**ACTIVITY:**
What you return must match the records word for word, except that pictures are dropped.

**RECORDS FOR THIS EXERCISE:**
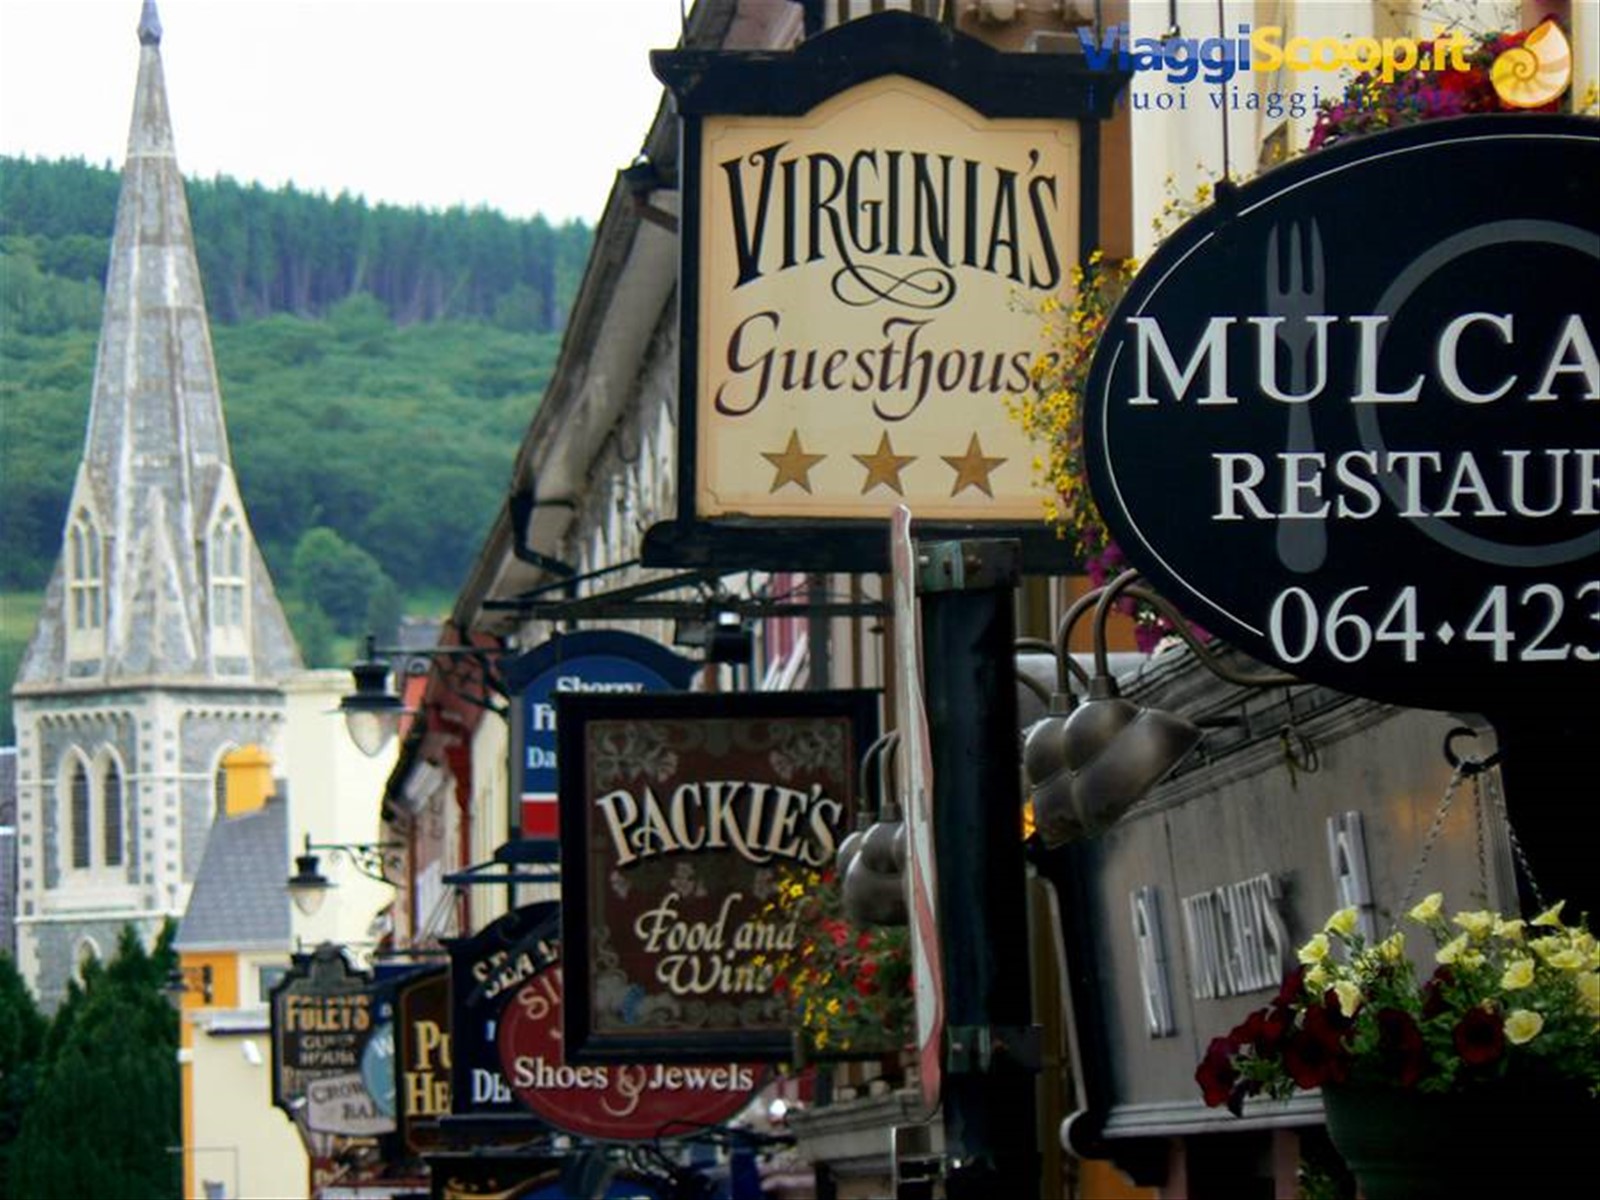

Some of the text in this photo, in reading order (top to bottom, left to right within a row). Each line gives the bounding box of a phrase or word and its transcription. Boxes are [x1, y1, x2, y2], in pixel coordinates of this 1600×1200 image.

[720, 140, 1061, 309] VIRGINIA'S
[1127, 312, 1600, 405] MULCA
[596, 780, 843, 867] PACKIE'S
[635, 892, 742, 952] Food
[513, 1056, 609, 1089] Shoes
[648, 1063, 754, 1091] Jewels

**TASK OUTPUT:**
Some of the text in this photo, in reading order (top to bottom, left to right within a row). Each line gives the bounding box of a phrase or word and its transcription. Boxes are [x1, y1, x2, y2], in pixel coordinates of this 1600×1200 image.

[720, 140, 1061, 309] VIRGINIA'S
[1127, 312, 1600, 405] MULCA
[596, 780, 843, 867] PACKIE'S
[635, 892, 742, 952] Food
[513, 1056, 609, 1089] Shoes
[648, 1063, 754, 1091] Jewels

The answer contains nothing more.